■ Assignment ■
With the images removed, return every line below exactly as it reads.

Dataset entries
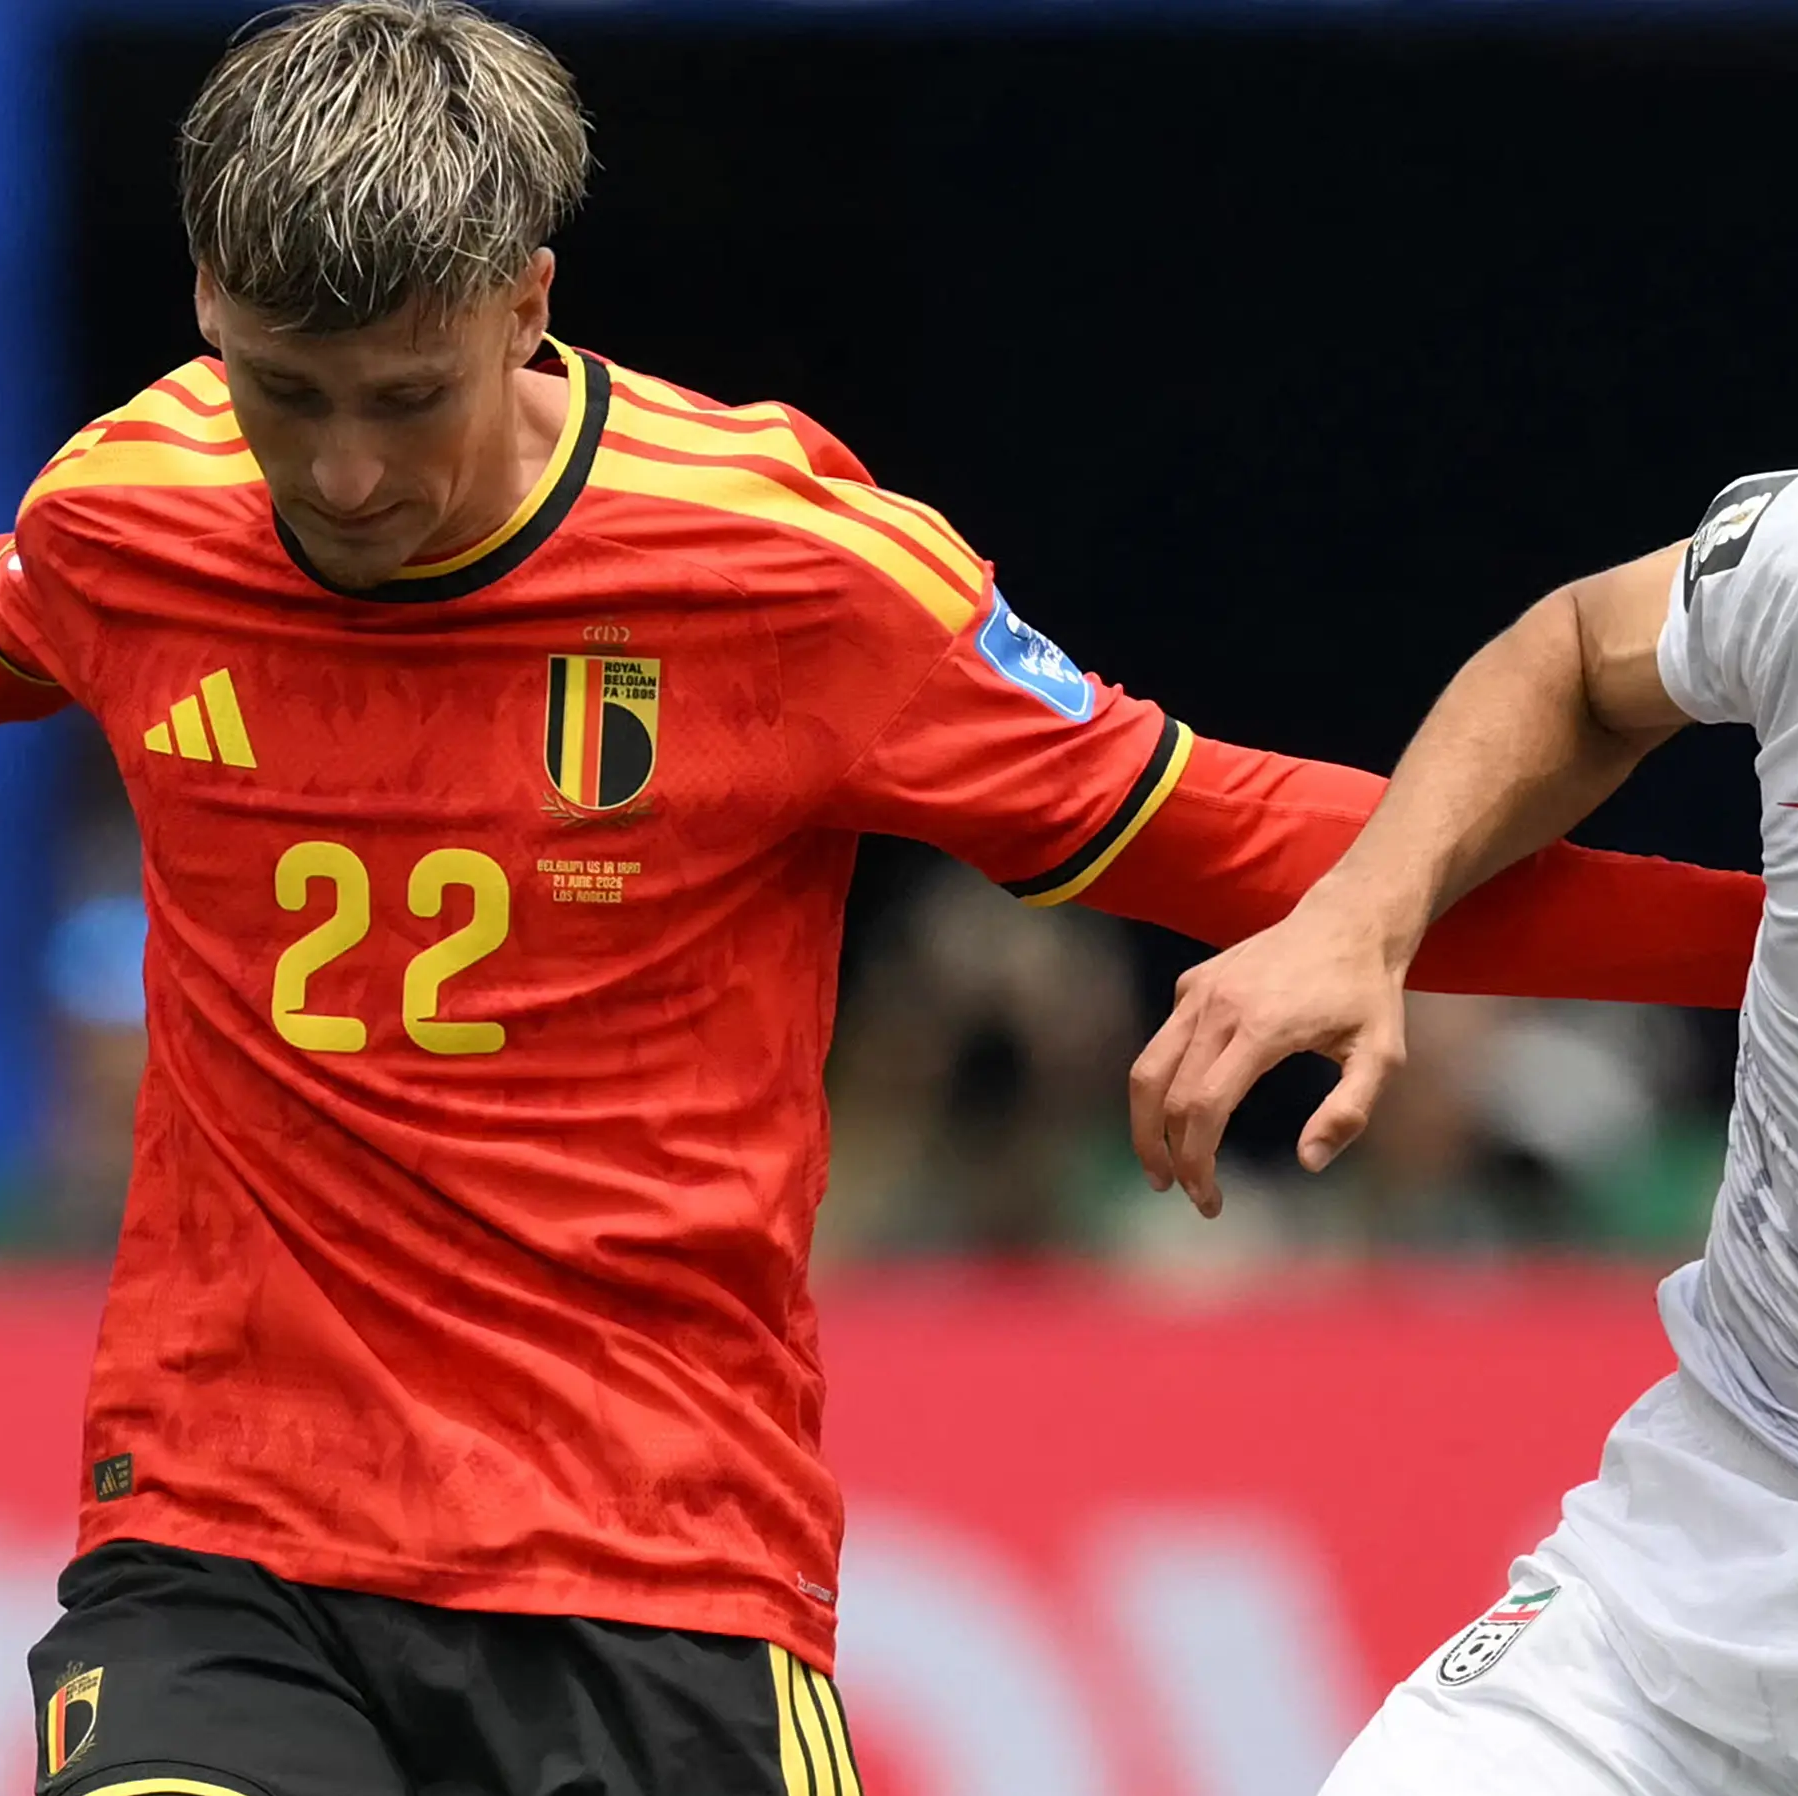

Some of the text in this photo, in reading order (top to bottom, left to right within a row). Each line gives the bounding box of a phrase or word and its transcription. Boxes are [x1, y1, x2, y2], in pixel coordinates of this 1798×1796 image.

[604, 661, 643, 674] ROYAL
[603, 674, 657, 688] BELGIAN
[603, 686, 619, 698] FA
[552, 874, 565, 888] 21
[595, 876, 624, 890] 2026
[552, 889, 573, 902] LOS
[271, 840, 510, 1054] 22

■ Answer box ■
Some of the text in this photo, in reading order (top to bottom, left to right within a row). Each line gives the bounding box of a phrase or word and its transcription. Boxes are [x1, y1, x2, y2], in pixel coordinates of this 1798×1796 image.

[604, 661, 643, 674] ROYAL
[603, 674, 657, 688] BELGIAN
[603, 686, 619, 698] FA
[552, 874, 565, 888] 21
[595, 876, 624, 890] 2026
[552, 889, 573, 902] LOS
[271, 840, 510, 1054] 22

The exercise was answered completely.